Today, EBC is bringing all of our past experience and success to bear on one of the most urgent issues of our time: mass incarceration. EBC’s push for “Truth and Reinvestment” highlights the need to acknowledge our nation’s long history of racial discrimination and its present day manifestations in the criminal justice system by reinvesting resources from criminal justice reform into the low-income communities of color that have been hardest hit by mass incarceration. While many criminal justice reform efforts are aimed at cutting prison spending simply as a public cost savings, EBC contends that it is also a necessary instrument for advancing racial and economic justice. Beyond ending mass incarceration, EBC envisions actively rebuilding and reinvesting in the communities most damaged by the legacy of racism, classism, and gender-based violence enshrined in our nation’s criminal justice policies.


Restaurant Opportunities Centers was originally founded in 2002 to provide support to restaurant workers who survived the 9/11 attacks and were displaced as a result of this unprecedented tragedy. In 2008, Restaurant Opportunities Centers United (ROC United) was launched as a national network mobilizing workers, employers, and consumers to improve wages and working conditions for the country’s 11 million restaurant workers that represent the largest and lowest-paid workforce in the United States.

Since its founding, ROC United has won more than a dozen workplace justice campaigns, winning more than $10 million in misappropriated tips and wages and discrimination payments for low-wage workers, and significant policy changes in high-profile restaurant companies covering thousands of workers. ROC United has played an instrumental role in winning several statewide minimum wage increases for tipped workers, and other policy campaigns at the local, state, and federal levels. ROC United also partners with almost 200 responsible restaurant owners to promote the ‘high road’ to profitability, has trained more than 5,000 restaurant workers to advance to livable-wage jobs within the industry, and has published over 30 ground-breaking reports and a nationally bestselling book on the restaurant industry.

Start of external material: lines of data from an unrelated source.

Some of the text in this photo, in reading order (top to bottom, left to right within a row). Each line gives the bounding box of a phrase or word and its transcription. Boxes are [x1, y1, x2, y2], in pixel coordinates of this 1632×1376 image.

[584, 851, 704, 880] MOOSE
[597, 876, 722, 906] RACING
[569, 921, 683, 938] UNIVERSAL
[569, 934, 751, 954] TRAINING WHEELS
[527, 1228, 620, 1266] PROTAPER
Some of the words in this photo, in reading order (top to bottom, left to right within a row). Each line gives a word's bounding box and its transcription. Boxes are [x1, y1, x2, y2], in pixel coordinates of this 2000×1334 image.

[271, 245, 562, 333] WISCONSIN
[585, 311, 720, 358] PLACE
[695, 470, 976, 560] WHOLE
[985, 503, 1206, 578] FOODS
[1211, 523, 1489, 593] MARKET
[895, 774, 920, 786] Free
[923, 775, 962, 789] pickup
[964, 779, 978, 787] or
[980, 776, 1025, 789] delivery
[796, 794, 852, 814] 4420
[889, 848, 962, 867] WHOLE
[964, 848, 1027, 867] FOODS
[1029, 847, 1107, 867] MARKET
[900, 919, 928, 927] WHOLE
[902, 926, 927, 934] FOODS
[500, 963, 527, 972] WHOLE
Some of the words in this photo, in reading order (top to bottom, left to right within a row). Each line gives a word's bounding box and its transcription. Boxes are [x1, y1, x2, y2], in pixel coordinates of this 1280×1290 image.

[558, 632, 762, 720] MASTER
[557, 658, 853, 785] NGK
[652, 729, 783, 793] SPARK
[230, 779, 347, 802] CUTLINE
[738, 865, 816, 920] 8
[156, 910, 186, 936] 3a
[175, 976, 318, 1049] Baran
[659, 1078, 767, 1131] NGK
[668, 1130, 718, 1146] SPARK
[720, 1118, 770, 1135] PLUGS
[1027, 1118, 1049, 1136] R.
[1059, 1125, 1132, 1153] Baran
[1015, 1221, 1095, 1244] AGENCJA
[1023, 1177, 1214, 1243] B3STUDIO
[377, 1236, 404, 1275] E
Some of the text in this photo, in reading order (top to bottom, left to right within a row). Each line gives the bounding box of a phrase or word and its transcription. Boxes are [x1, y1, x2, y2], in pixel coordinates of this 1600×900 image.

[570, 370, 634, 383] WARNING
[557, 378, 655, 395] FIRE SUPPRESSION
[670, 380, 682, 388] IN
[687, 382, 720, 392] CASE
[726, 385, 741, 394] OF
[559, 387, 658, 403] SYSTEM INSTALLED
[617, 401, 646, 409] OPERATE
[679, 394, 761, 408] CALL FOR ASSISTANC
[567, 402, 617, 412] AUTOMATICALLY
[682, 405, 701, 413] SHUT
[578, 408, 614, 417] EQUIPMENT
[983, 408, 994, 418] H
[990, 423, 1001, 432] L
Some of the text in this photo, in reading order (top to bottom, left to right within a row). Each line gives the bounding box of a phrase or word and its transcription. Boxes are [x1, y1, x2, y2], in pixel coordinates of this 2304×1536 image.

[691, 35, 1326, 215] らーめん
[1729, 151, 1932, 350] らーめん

To expand economic mobility and career advancement opportunities for young people in the restaurant industry, ROC United opened COLORS Restaurants in New York and Detroit, in which it offers the COLORS Hospitality Opportunities for Workers (CHOW) Institute, a unique workforce-development program that has provided thousands of young people with training and placement services to advance to livable wage fine-dining restaurant jobs. ROC United now offers CHOW training in 12 states nationwide, partnering with 175 key restaurant employers across the country – ranging from celebrity chefs to small restaurateurs – who have provided input on our curriculum, hired our graduates, and served as guest lecturers in the program.